TASK TO COMPLETE: Where a record contains a picture, omit the picture and repeat the rest exactly.

[INPUT MATERIAL — start]

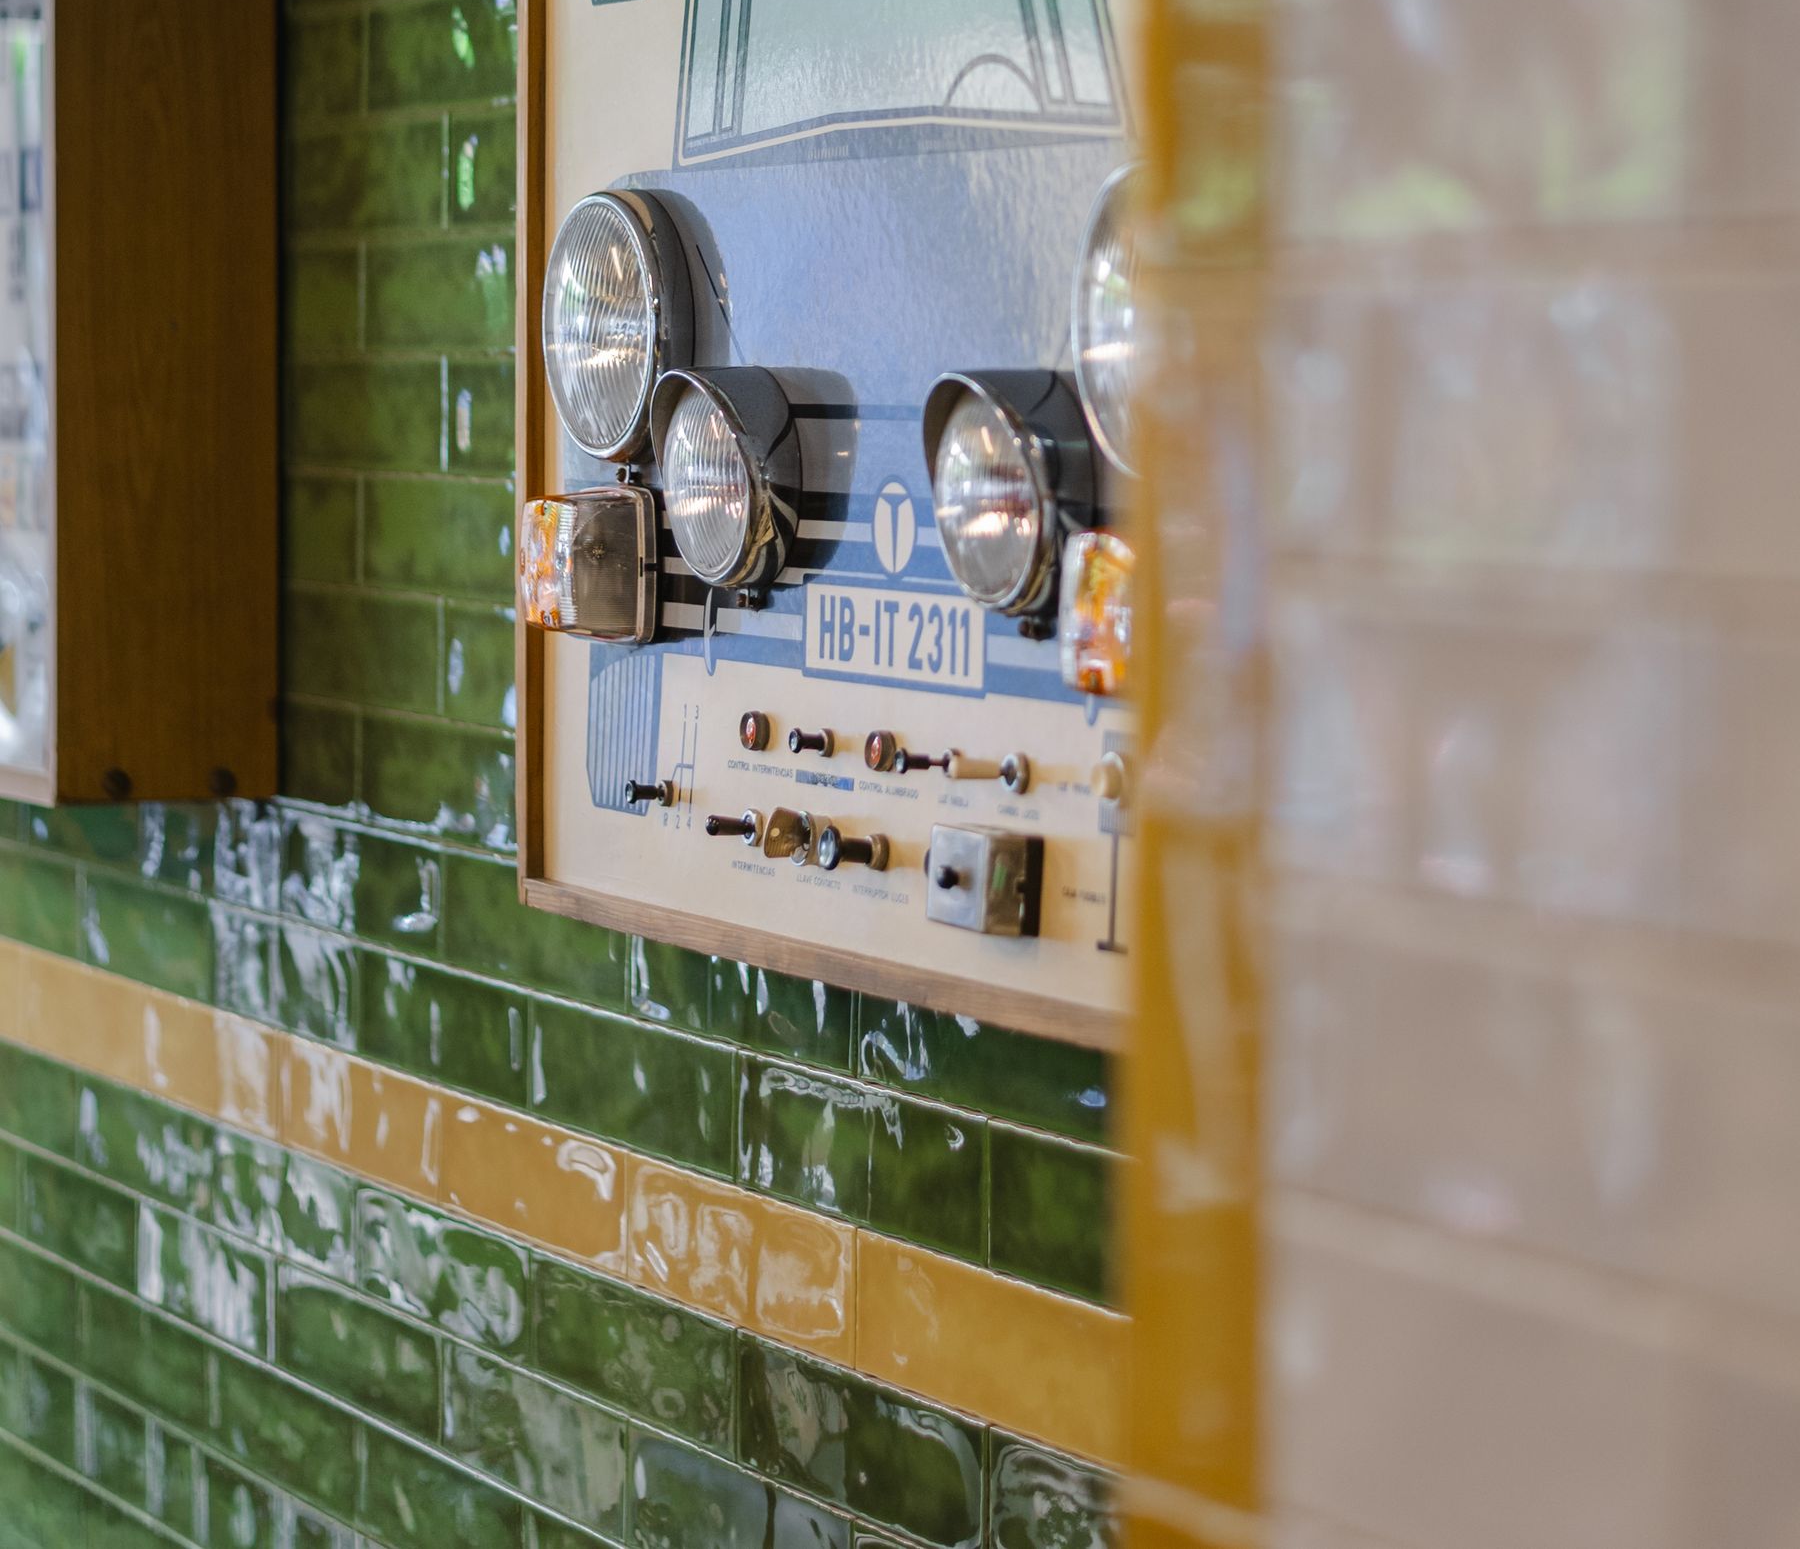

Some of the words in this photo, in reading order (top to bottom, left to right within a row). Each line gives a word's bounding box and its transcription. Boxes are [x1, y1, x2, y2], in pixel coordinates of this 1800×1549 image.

[819, 594, 900, 667] HB-IT
[907, 601, 971, 677] 2311
[694, 704, 700, 720] 3
[727, 759, 750, 772] CONTROL
[675, 814, 681, 830] 2
[686, 816, 692, 830] 4

[INPUT MATERIAL — finish]

EXERCISE RESULT:
Some of the words in this photo, in reading order (top to bottom, left to right within a row). Each line gives a word's bounding box and its transcription. Boxes are [x1, y1, x2, y2], in pixel coordinates of this 1800×1549 image.

[819, 594, 900, 667] HB-IT
[907, 601, 971, 677] 2311
[694, 704, 700, 720] 3
[727, 759, 750, 772] CONTROL
[675, 814, 681, 830] 2
[686, 816, 692, 830] 4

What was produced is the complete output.